Parting thoughts: As I said up top, a more thorough analysis of the new draft guidelines wants more time. But my quick take is this:
While the 2010 horizontal merger guidelines (and 2020 vertical merger guidelines) were not perfect, they were useful and grounded documents. The 2023 draft guidelines seem a significant step backward. That’s disappointing, even if it’s unsurprising. The new emphasis on concentration and, apparently, structural presumptions, seems unwarranted from several points of view: established agency practice, decades of case law, and developments in the economic literature. While it may be a shortcut, it’s one that’s likely to increase error costs no small amount.
Also, vertical mergers do not tend to be anticompetitive, even if they can be under specific facts and circumstances. They are certainly not amenable to the same presumptions that might apply to horizontal mergers (on which, see our amicus brief in the the FTC’s challenge to the Illumina/Grail merger). For that reason, and others, the blurring of the line between vertical and horizontal mergers seems unhelpful – and also likely to increase error costs.
Perhaps most of all, while the draft guidelines sketch any number of ways in which mergers may be deemed anticompetitive, they seem very little help to practitioners and firms that would like to distinguish between mergers that are likely violative of the antitrust laws and mergers that are lawful (which is, to say, most mergers). That is, while ominous, they do not appear super useful as guidelines if, indeed, that’s what they’re supposed to be.
Brown Shoe comprises the good, the bad, and the ugly of dicta. But if we have to go back to that musty old well, we might recall the Court’s remark that
Congress used the words “may be substantially to lessen competition” . . . , to indicate that its concern was with probabilities, not certainties. Statutes existed for dealing with clear-cut menaces to competition; no statute was sought for dealing with ephemeral possibilities. Mergers with a probable anticompetitive effect were to be proscribed by this Act. (italics in original; bold added)

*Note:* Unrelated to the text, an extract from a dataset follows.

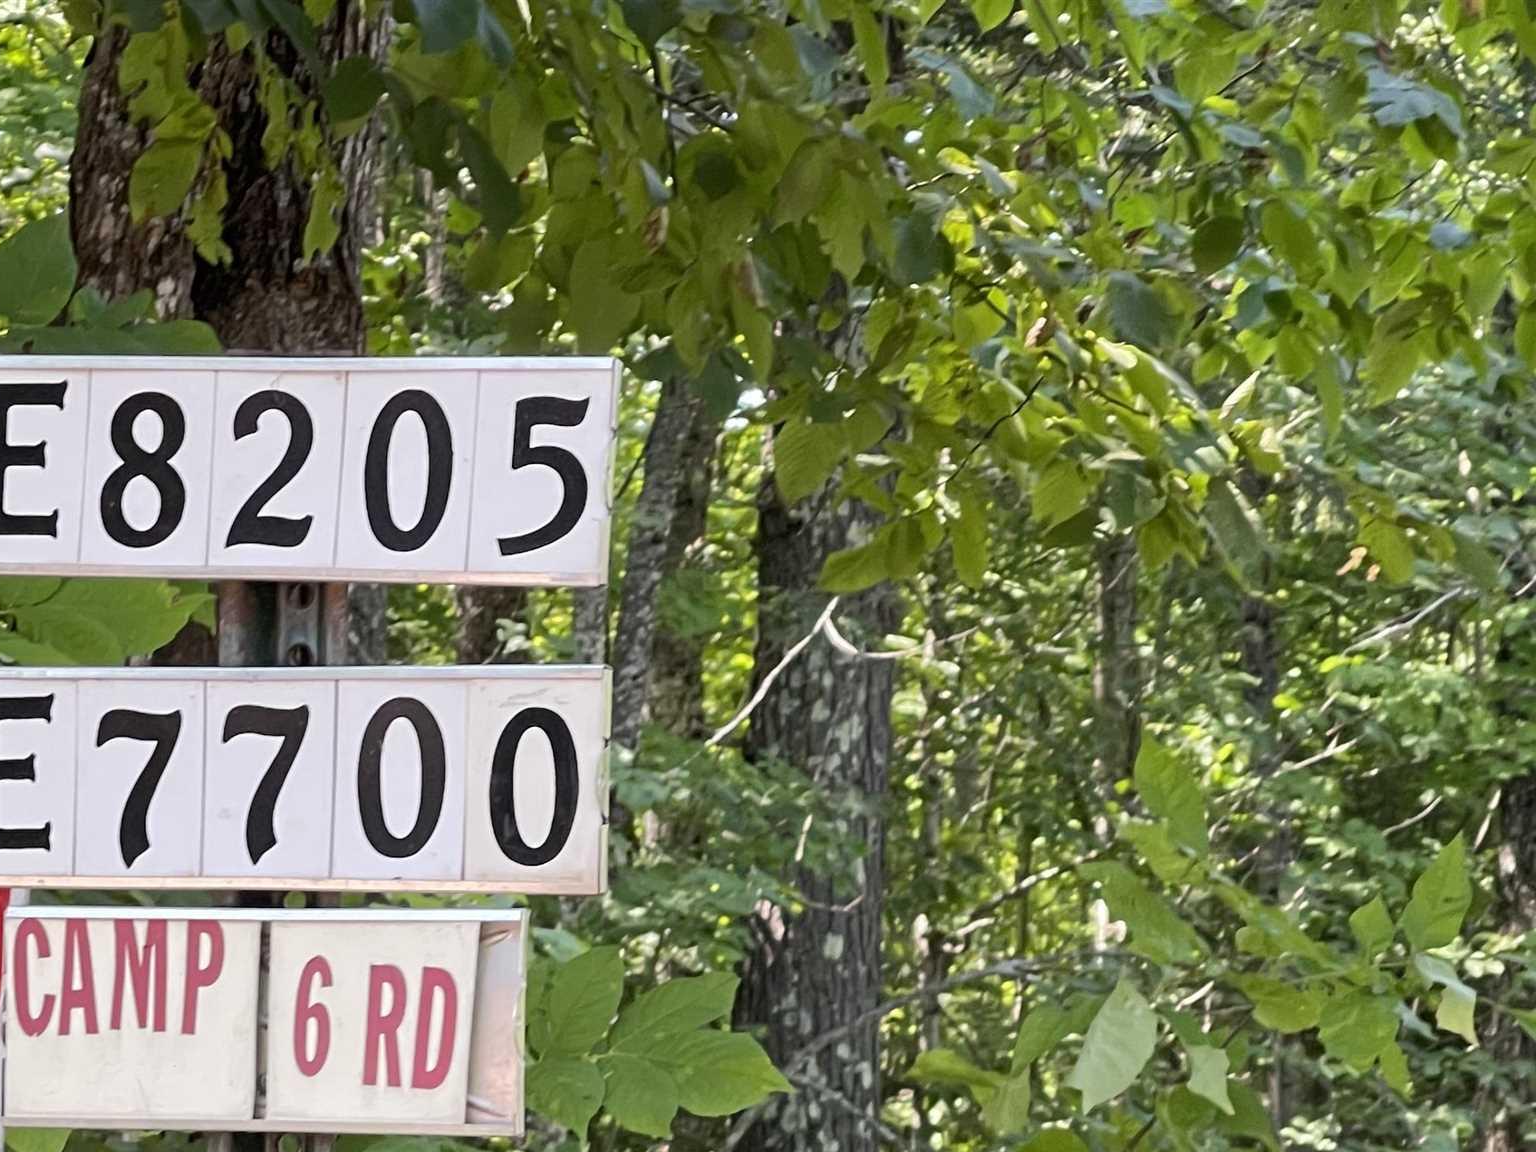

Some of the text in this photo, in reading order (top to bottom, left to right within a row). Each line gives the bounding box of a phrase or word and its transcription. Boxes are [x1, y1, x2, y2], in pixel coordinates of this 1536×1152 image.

How probable may be up for debate, and it may be hard to specify with any precision. But it cannot be the mere possibility of harm, lest antitrust law eat itself for breakfast: mergers and acquisitions – like other commercial conduct – commonly entail some possibility of both competitive harm and competitive (and consumer) benefit. So what’s a firm to do? Sadly, the draft guidelines offer very little to help.